As we mentioned, it is not a very common move. Quantitative easing is mostly used when the interest rates of short-term securities are approaching zero, which signals that the economy has become stagnant. The banks do this to avoid printing new notes and still encouraging financial institutions to lend more. In essence, the central bank takes the responsibility to increase money in the market by purchasing securities and parting with its own cash.
Remember, this is all electronic cash and does not exist in the form of banknotes. It only appears in the banks’ balance sheets. As new money pours in, the bank reserves increase in size. Financial institutions, that have recently sold their assets to the central bank, now find more money to buy fresh assets. Consequently, the interest rates are lowered and the stocks get a boost. Investment increases in the market, lending by banks increases further and the stagnant economy gets a kick start.

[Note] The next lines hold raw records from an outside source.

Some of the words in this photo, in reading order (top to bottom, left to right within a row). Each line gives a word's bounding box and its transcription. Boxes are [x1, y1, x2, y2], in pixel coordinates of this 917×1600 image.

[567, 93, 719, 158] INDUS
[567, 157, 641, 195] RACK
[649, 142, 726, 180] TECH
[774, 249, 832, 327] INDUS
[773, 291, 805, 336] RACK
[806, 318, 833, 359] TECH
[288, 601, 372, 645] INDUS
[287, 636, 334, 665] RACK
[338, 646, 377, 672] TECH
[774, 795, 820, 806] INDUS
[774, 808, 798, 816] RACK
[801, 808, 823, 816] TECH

Quantitative easing is being adopted by central banks of developed countries around the world since the 2008 financial crisis. The balance sheet of the Federal Reserve increased 4 times from 2007 to 2015, amounting to a staggering $4 trillion due to QE. However, this step has successfully kept the interest rates of corporate debt as well as mortgages low by sending a clear signal about the central bank’s serious to curb deflation.
Pros of QE
Quantitative easing has helped in securing growth in mature and developed economies of the world moving towards stagnation. QE is mostly complementary to lower rates of interest on Federal funds. When the interest rates on these funds are lower, banks are encouraged to lend more. However, it is possible for the economy to struggle and borrowing to go down even when the lending rates are low. This happened in the 2000s, when the US economy was struggling with Federal fund rates as low as 0.25%. Quantitative easing helps in offsetting negative market conditions that affect borrowing and creates a positive environment for businesses to flourish.
As the quantitative easing definition suggests, it helps in increasing the money supply in the market. If banks will have more money, they will lend to more businesses and this will help in bringing the economic growth back on track. Additionally, fostering business growth brings the unemployment levels down. It helps in the creation of new jobs as well.

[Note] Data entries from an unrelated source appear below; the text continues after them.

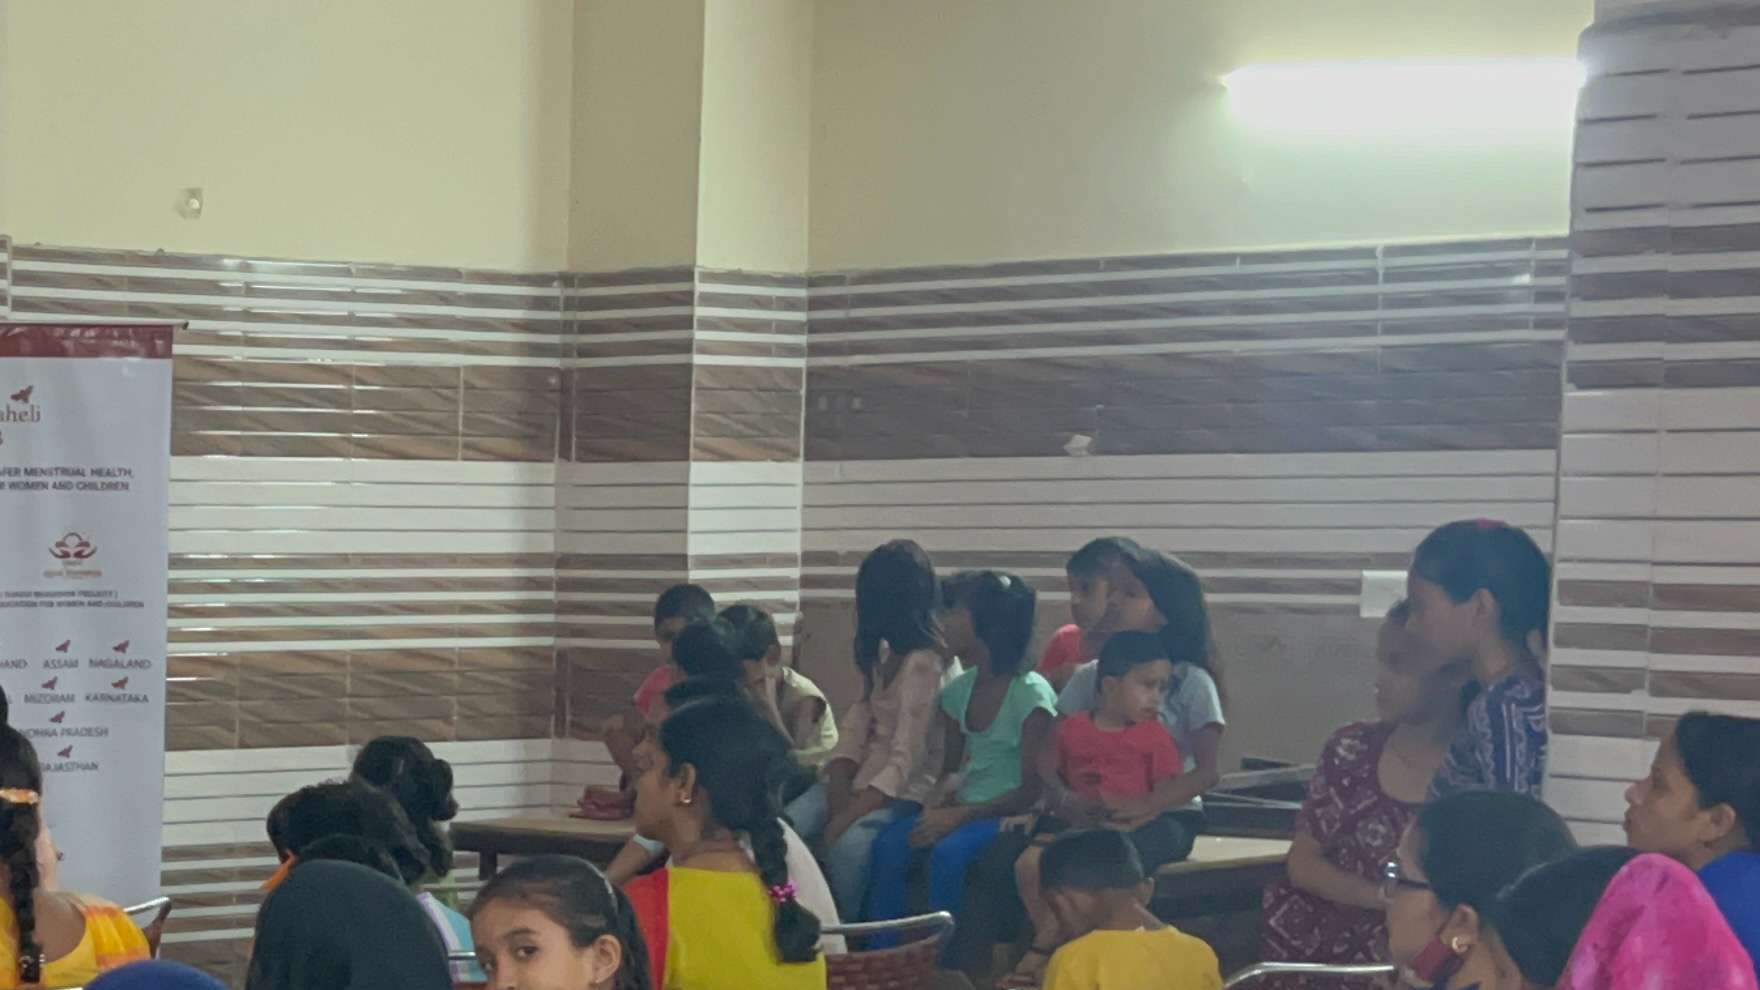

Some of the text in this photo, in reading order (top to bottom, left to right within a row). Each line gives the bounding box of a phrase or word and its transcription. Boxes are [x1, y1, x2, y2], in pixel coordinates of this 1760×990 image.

[24, 466, 86, 479] MENSTRUAL
[9, 481, 48, 492] WOMEN
[52, 481, 73, 492] AND
[76, 481, 129, 492] CHILDREN
[43, 659, 79, 669] ASSAM
[89, 659, 152, 670] NAGALAND
[24, 693, 76, 704] MIZORAM
[86, 693, 149, 704] KARNATAKA
[60, 728, 109, 738] PRADESH

QE helps in striking a growth spiral where businesses get more money to hire more people. These people, previously unemployed, now earn wages with which they can buy household goods. This increases consumer spending which increases inflation in the economy. With a steady rate of inflation, businesses get more boost to work harder and the economy enjoys the overall benefits of a bustling business environment.
Cons of QE
Quantitative easing may make inflation rates go high. There is not much historic evidence to prove that QE can severely affect inflation numbers and make household spending higher. However, as it increases consumer spending and allows businesses to get fresh loans from banks, it is likely that inflation numbers can go higher than what the central banks expect. Consumers may lose confidence because of a dwindling household consumption level and they may wish to curb spending, expecting more upheavals in the future.
In addition to this, we must note that this policy may create reckless lending and spending in businesses, leading to the creation of business cycles. When banks get electronic money by sale of assets (some of these could be toxic as well), they compete to lend more. As the central bank encourages lending and keeps Federal fund interest rates as low as possible, banks may indulge in reckless lending. Businesses and individuals with low credibility can also get loans now.
It cannot always be expected that loans will be given for productive purposes only. Credit cards, mortgages, and student loans will also be given freely apart from business loans. If such unchecked lending is not taken into consideration then low credibility debtors will eventually default in inflationary conditions, leading to a crisis. Businesses may also go through cycles of boom and bust, swinging from one extreme to the other. However, these effects will be visible in the long run as we still cannot quantify the effects of QE on the economy.
Quantitative easing is not a perfect policy and the real effects of this monetary policy will only be seen in hindsight, a few years from now. It is a newer method to fuel the economy and has a few unwanted consequences too. It has been noticed that the positive effects of QE are not permanent which may lead to the central banks following a series of QE incentives, just like the ECB is doing in Europe. Considering the difficult times developed and mature economies are facing, quantitative easing is unavoidable.